WHAT IS BEING ASKED:
Would you restate the entries below word for word, leaving out the images?

INFORMATION SHOWN:
=== Section Start ===

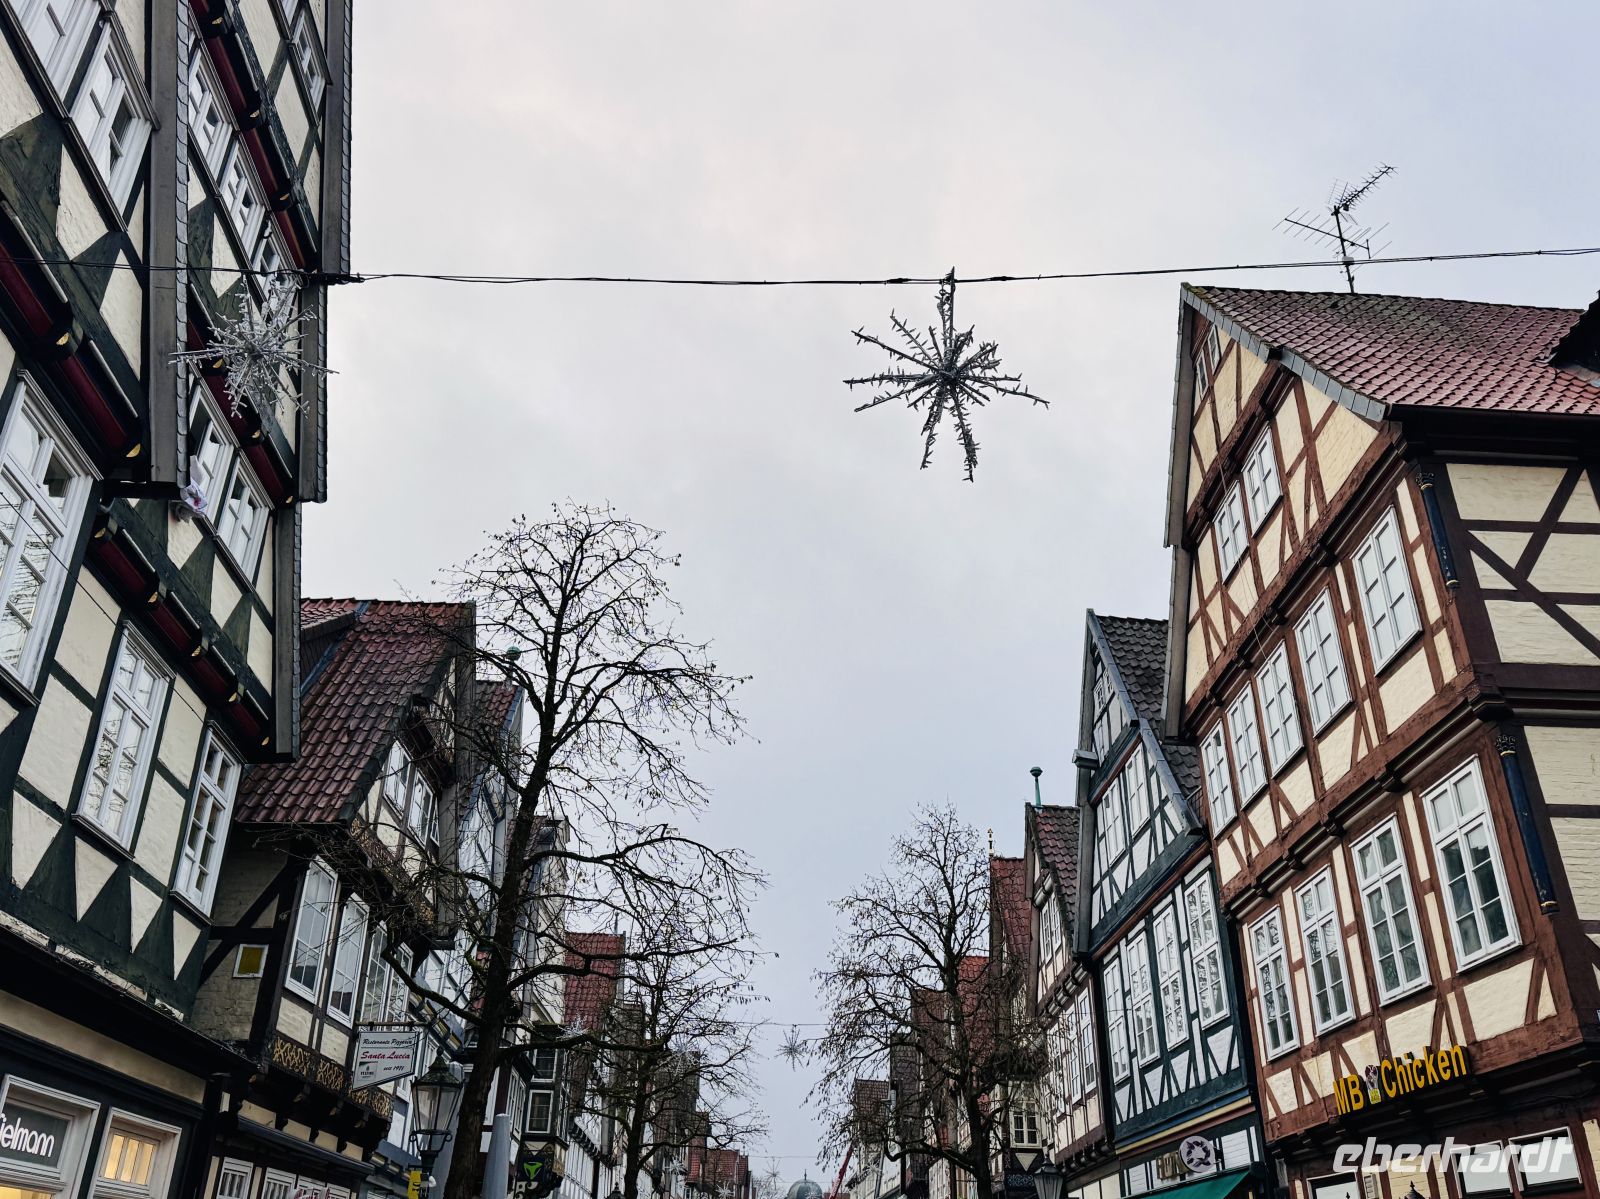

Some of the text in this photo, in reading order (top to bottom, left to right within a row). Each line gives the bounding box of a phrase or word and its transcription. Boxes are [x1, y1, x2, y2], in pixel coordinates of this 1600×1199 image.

[361, 1051, 410, 1060] Santa Lucia
[1333, 1045, 1467, 1115] MB Chicken
[0, 1112, 55, 1157] ielmann
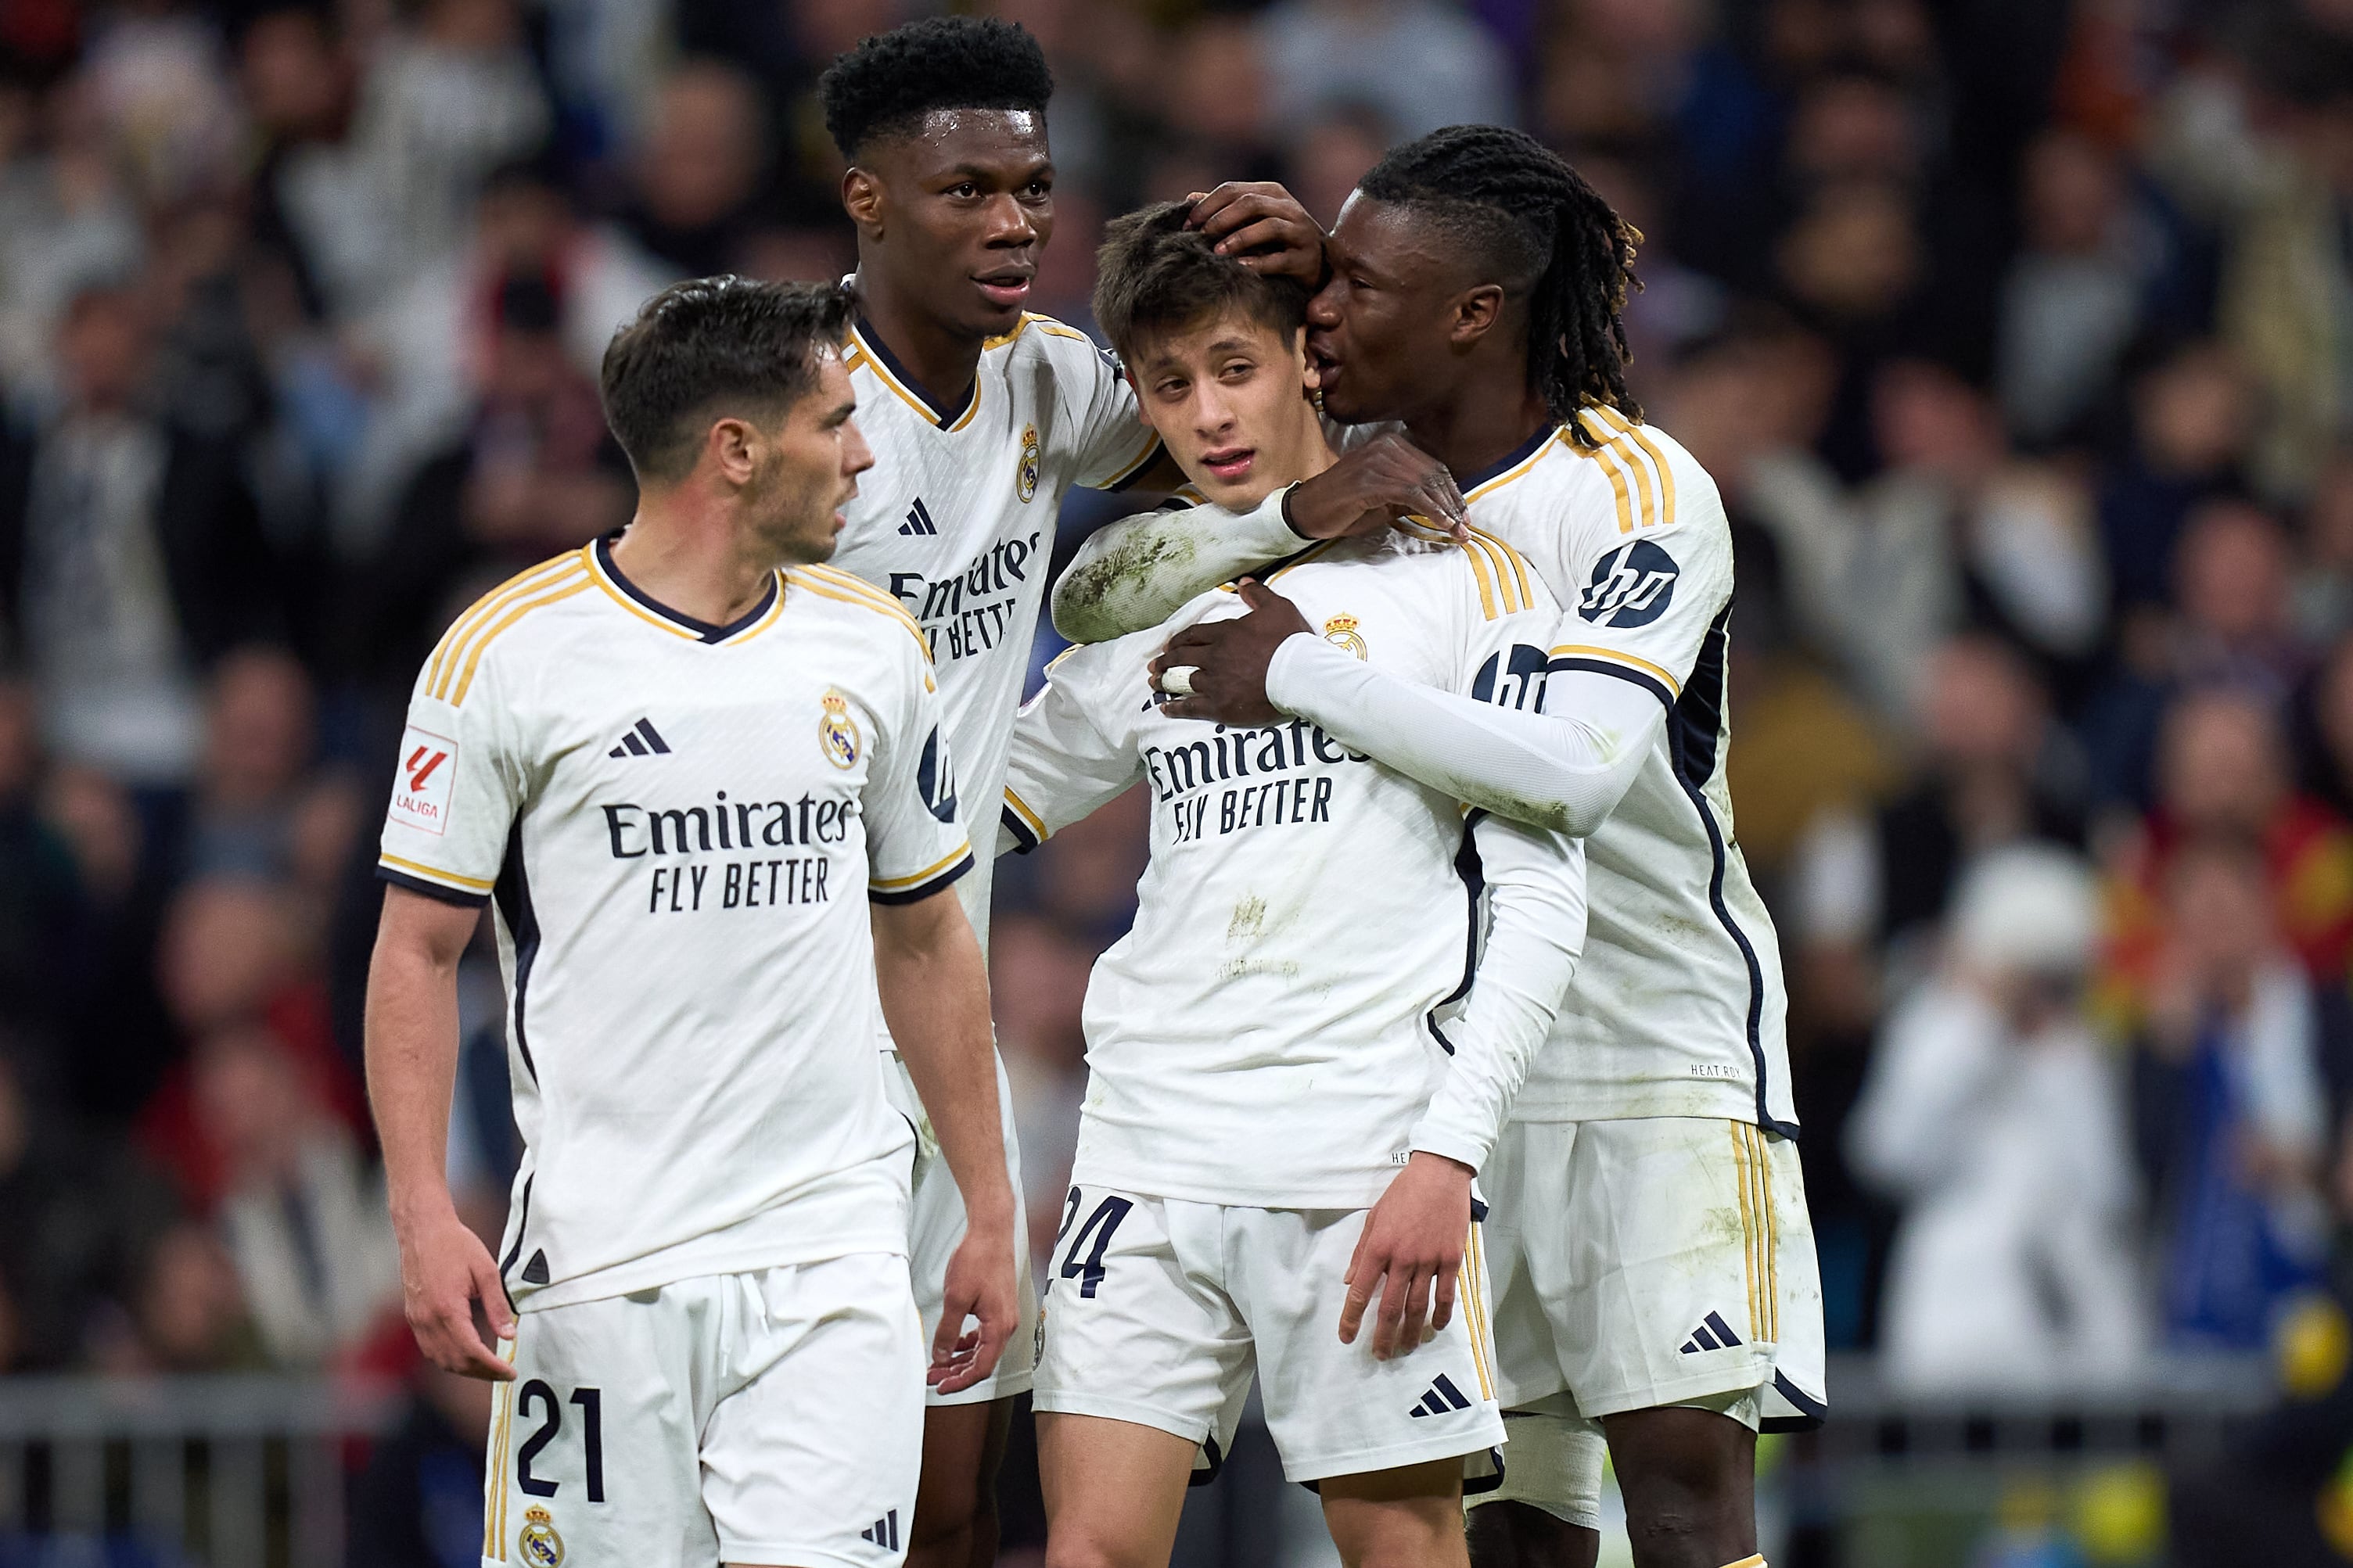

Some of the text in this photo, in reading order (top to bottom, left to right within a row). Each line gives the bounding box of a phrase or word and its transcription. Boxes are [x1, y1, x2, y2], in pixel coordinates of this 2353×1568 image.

[1580, 540, 1679, 627] hp
[396, 794, 438, 819] LALIGA
[599, 790, 854, 859] Emirates
[1173, 777, 1333, 845] FLY BETTER
[650, 857, 829, 913] FLY BETTER
[517, 1378, 605, 1503] 21

=== Section End ===

THE COMPLETED TASK:
Some of the text in this photo, in reading order (top to bottom, left to right within a row). Each line gives the bounding box of a phrase or word and its transcription. Boxes are [x1, y1, x2, y2], in pixel coordinates of this 1600×1199 image.

[361, 1051, 410, 1060] Santa Lucia
[1333, 1045, 1467, 1115] MB Chicken
[0, 1112, 55, 1157] ielmann

Some of the text in this photo, in reading order (top to bottom, left to right within a row). Each line gives the bounding box of a phrase or word and its transcription. Boxes are [x1, y1, x2, y2], in pixel coordinates of this 2353×1568 image.

[1580, 540, 1679, 627] hp
[396, 794, 438, 819] LALIGA
[599, 790, 854, 859] Emirates
[1173, 777, 1333, 845] FLY BETTER
[650, 857, 829, 913] FLY BETTER
[517, 1378, 605, 1503] 21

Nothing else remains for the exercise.